◆ WORK TASK: The material beneath this line should be printed exactly, with its pictures omitted.

◆ AVAILABLE DATA:

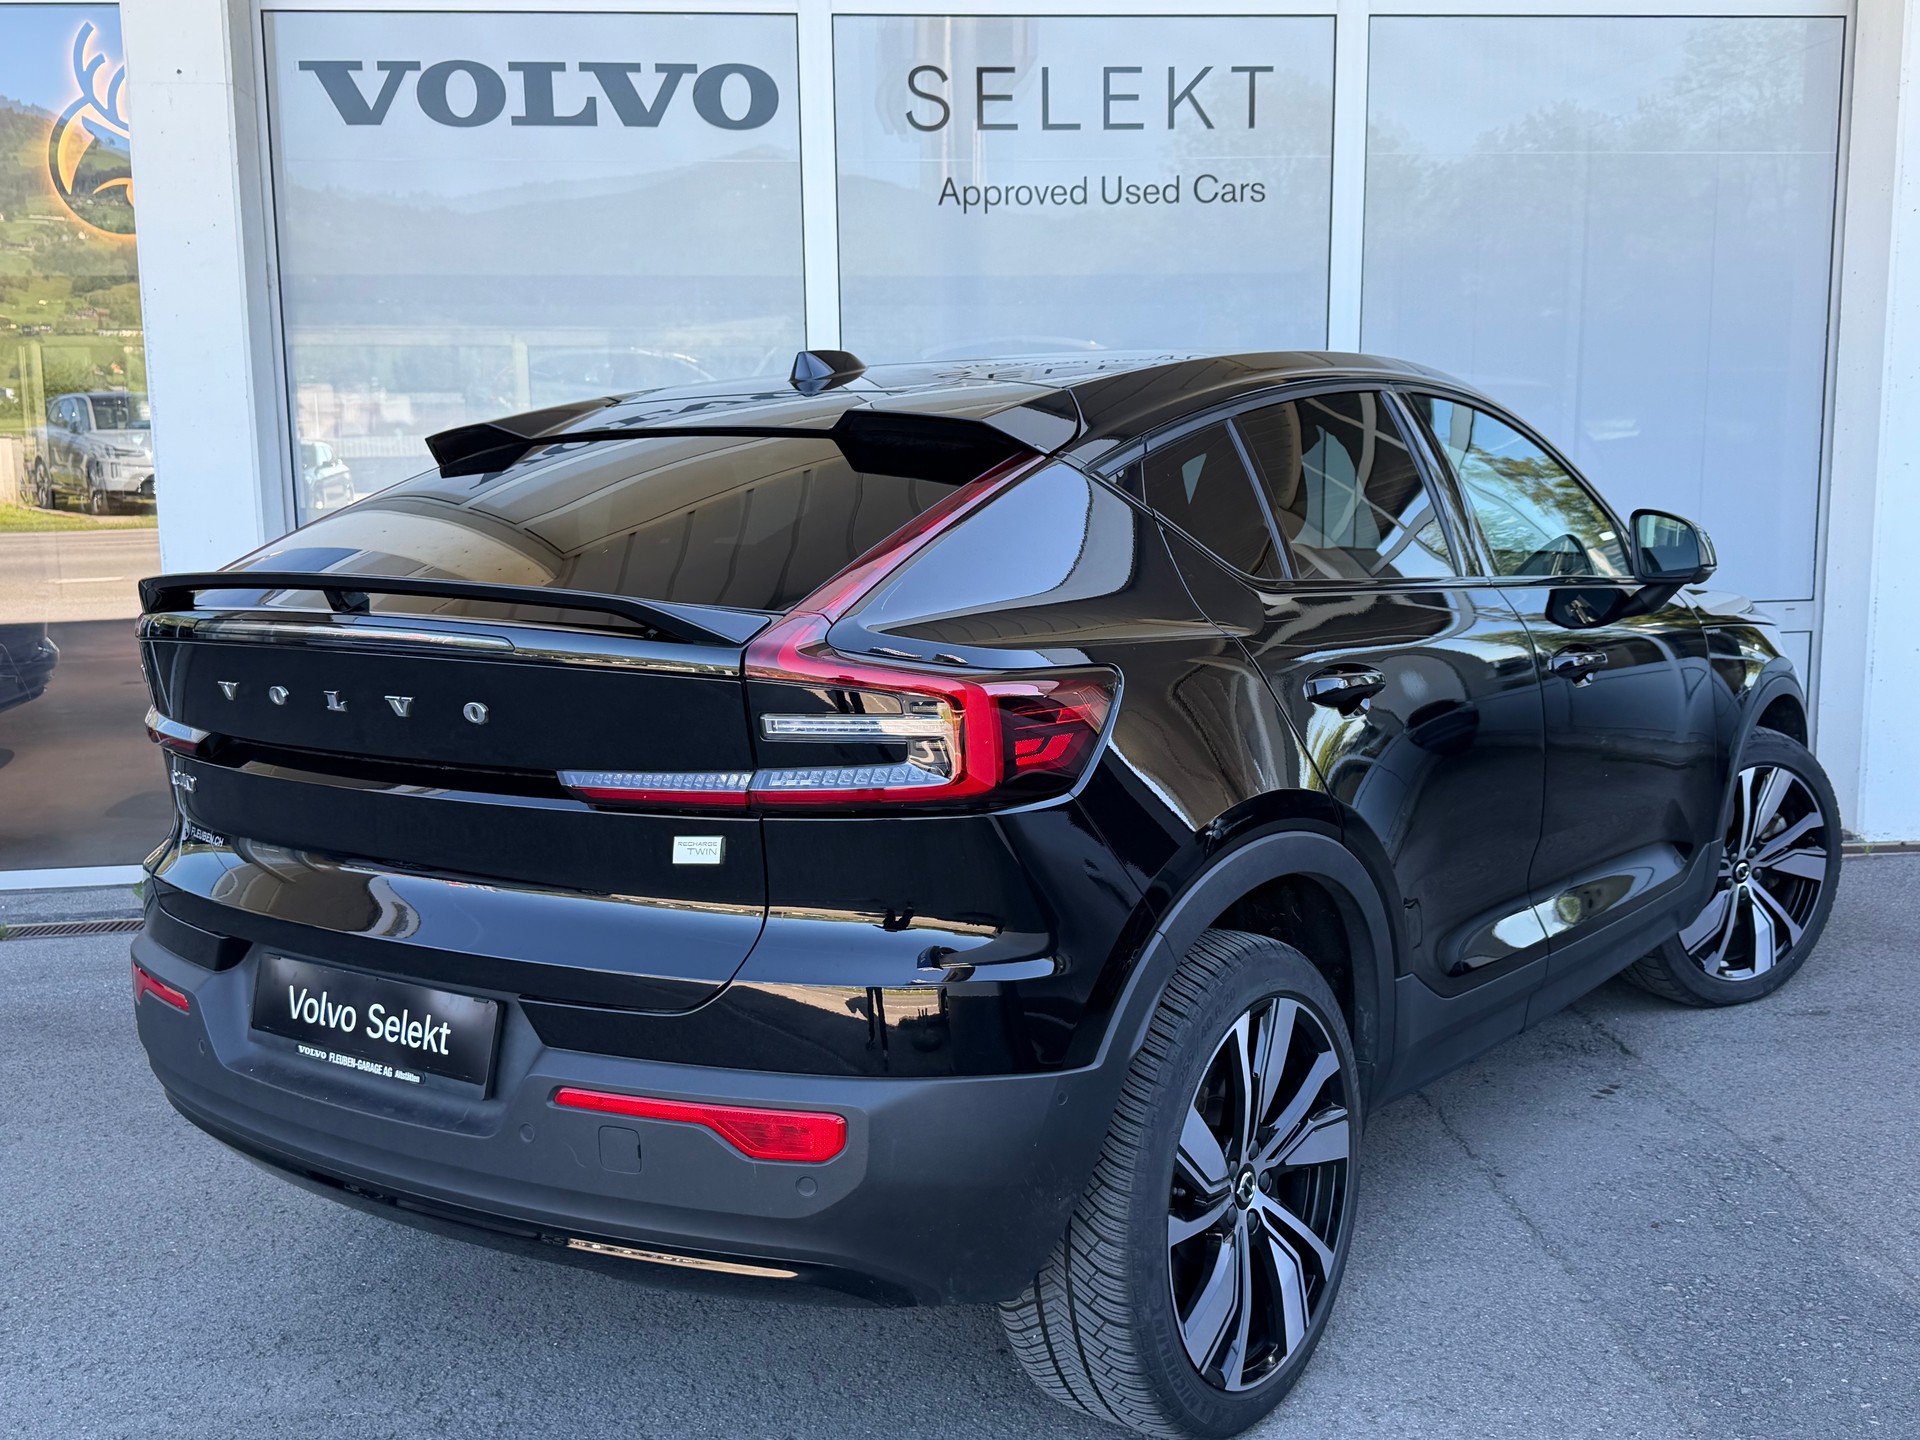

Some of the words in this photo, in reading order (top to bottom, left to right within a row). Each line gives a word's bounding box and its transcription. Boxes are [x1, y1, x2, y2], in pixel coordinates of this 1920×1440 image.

[299, 60, 779, 130] VOLVO
[905, 64, 1274, 132] SELEKT
[938, 176, 1088, 214] Approved
[1101, 175, 1180, 204] Used
[1193, 174, 1266, 203] Cars
[217, 680, 490, 725] VOLVO
[191, 826, 224, 847] FLEUBEN.CH
[686, 847, 718, 855] TWIN
[288, 984, 357, 1033] Volvo
[366, 1003, 451, 1055] Selekt
[298, 1045, 327, 1059] VOLVO
[328, 1052, 383, 1075] FLEUBEN-GARAGE
[383, 1066, 393, 1077] AG
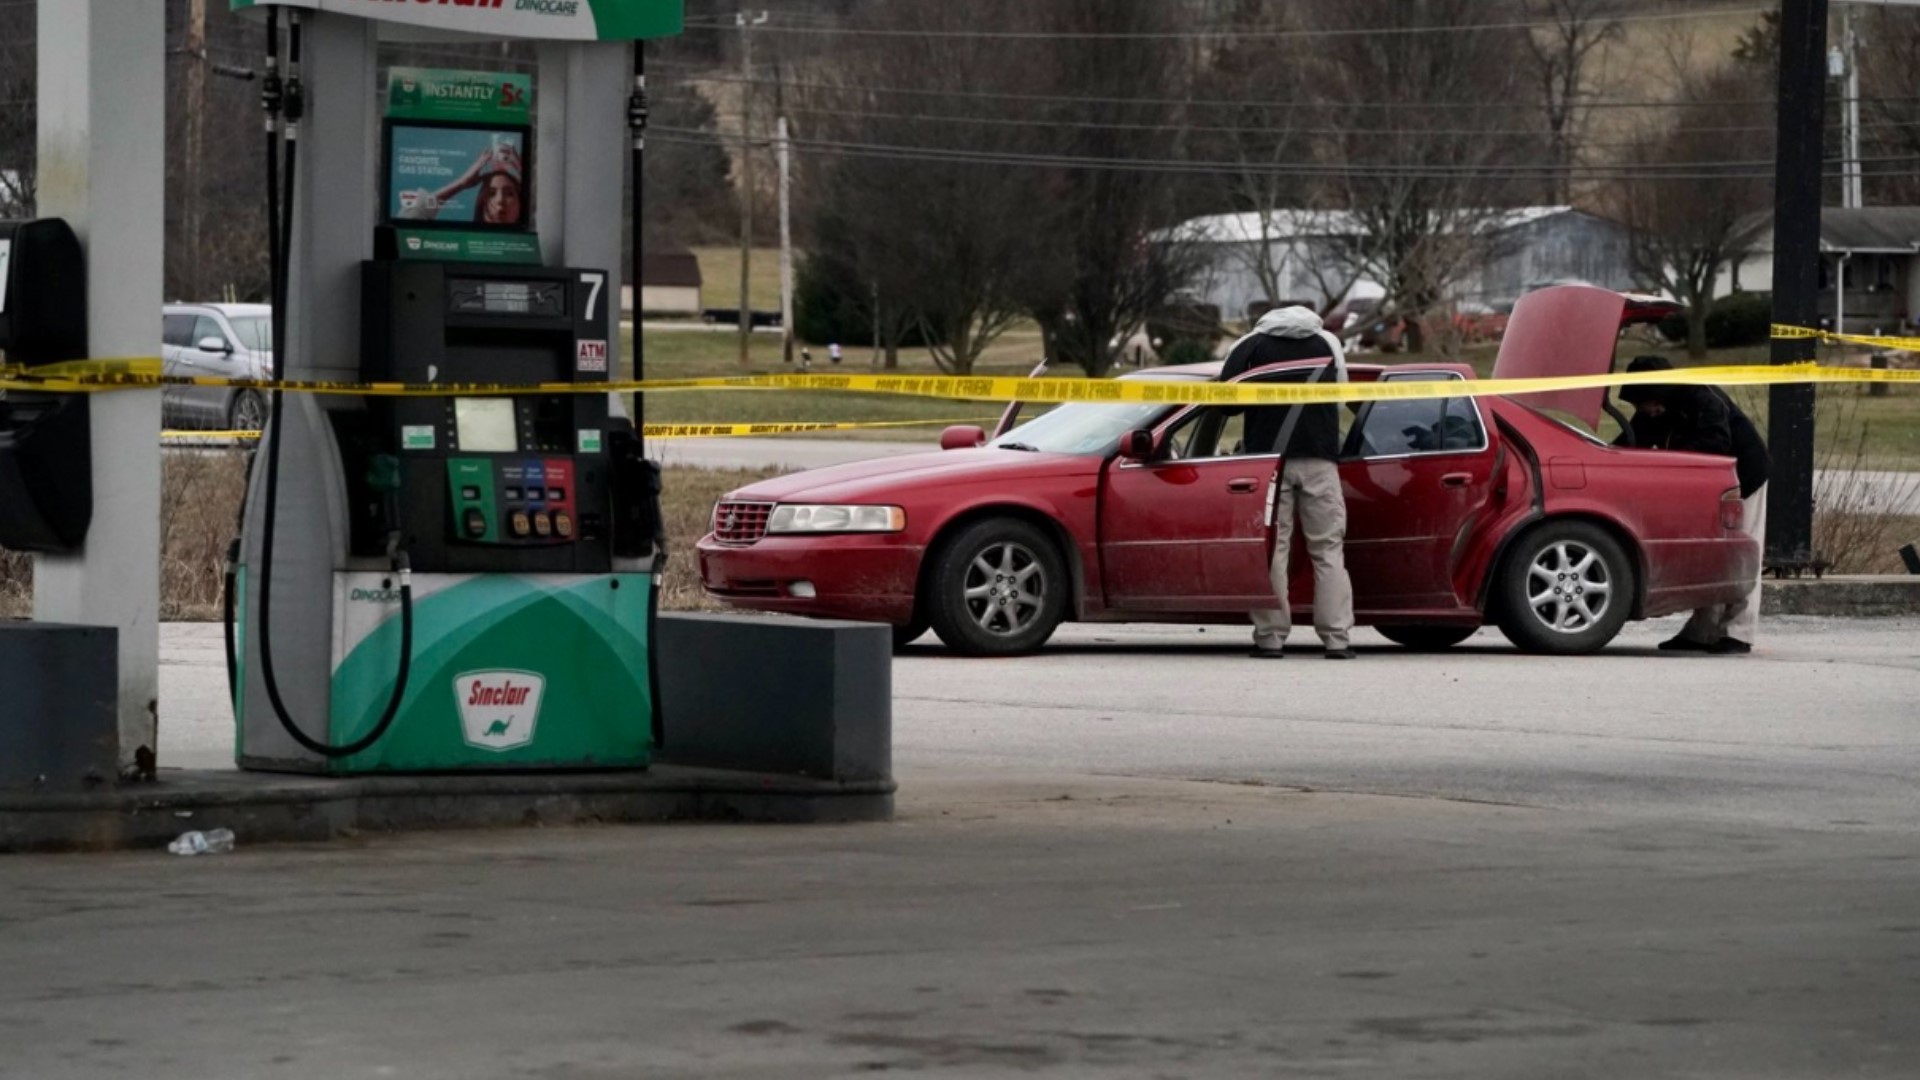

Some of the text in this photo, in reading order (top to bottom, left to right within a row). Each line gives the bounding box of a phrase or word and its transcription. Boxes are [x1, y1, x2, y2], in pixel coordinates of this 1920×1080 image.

[515, 0, 579, 14] DINOCARE
[425, 83, 494, 100] INSTANTLY
[580, 273, 604, 320] 7
[581, 343, 605, 357] ATM
[580, 359, 605, 369] INSIDE
[351, 588, 403, 601] DINOCAR
[469, 680, 530, 705] Sinclair

◆ ANSWER BOX:
Some of the words in this photo, in reading order (top to bottom, left to right within a row). Each line gives a word's bounding box and its transcription. Boxes are [x1, y1, x2, y2], in pixel coordinates of this 1920×1440 image.

[299, 60, 779, 130] VOLVO
[905, 64, 1274, 132] SELEKT
[938, 176, 1088, 214] Approved
[1101, 175, 1180, 204] Used
[1193, 174, 1266, 203] Cars
[217, 680, 490, 725] VOLVO
[191, 826, 224, 847] FLEUBEN.CH
[686, 847, 718, 855] TWIN
[288, 984, 357, 1033] Volvo
[366, 1003, 451, 1055] Selekt
[298, 1045, 327, 1059] VOLVO
[328, 1052, 383, 1075] FLEUBEN-GARAGE
[383, 1066, 393, 1077] AG

Some of the text in this photo, in reading order (top to bottom, left to right within a row). Each line gives the bounding box of a phrase or word and its transcription. Boxes are [x1, y1, x2, y2], in pixel coordinates of this 1920×1080 image.

[515, 0, 579, 14] DINOCARE
[425, 83, 494, 100] INSTANTLY
[580, 273, 604, 320] 7
[581, 343, 605, 357] ATM
[580, 359, 605, 369] INSIDE
[351, 588, 403, 601] DINOCAR
[469, 680, 530, 705] Sinclair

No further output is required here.